DATASET:
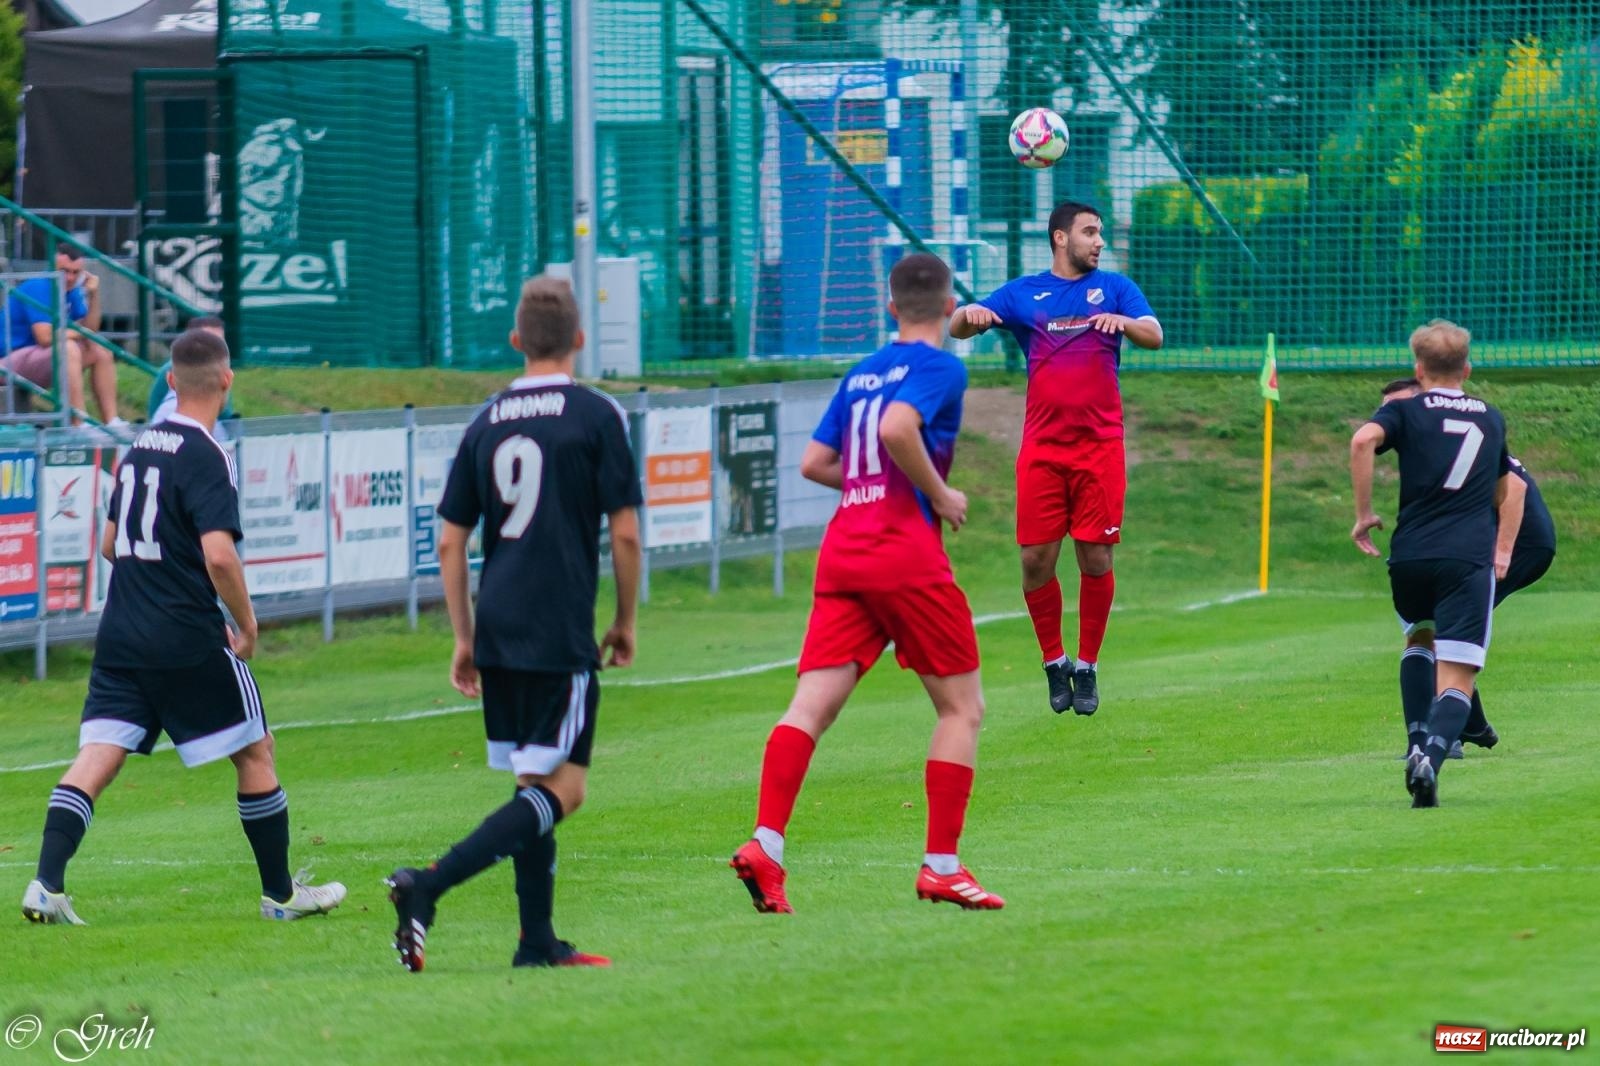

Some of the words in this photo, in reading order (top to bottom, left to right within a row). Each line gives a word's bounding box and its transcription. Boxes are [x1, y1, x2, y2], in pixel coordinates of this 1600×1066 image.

[847, 393, 884, 480] 11
[1443, 418, 1484, 490] 7
[114, 463, 162, 561] 11
[493, 434, 543, 538] 9

ABOUT THIS EXERCISE:
Any pictures should be dropped; transcribe the rest of the records above exactly.

EXERCISE RESPONSE:
Some of the words in this photo, in reading order (top to bottom, left to right within a row). Each line gives a word's bounding box and its transcription. Boxes are [x1, y1, x2, y2], in pixel coordinates of this 1600×1066 image.

[847, 393, 884, 480] 11
[1443, 418, 1484, 490] 7
[114, 463, 162, 561] 11
[493, 434, 543, 538] 9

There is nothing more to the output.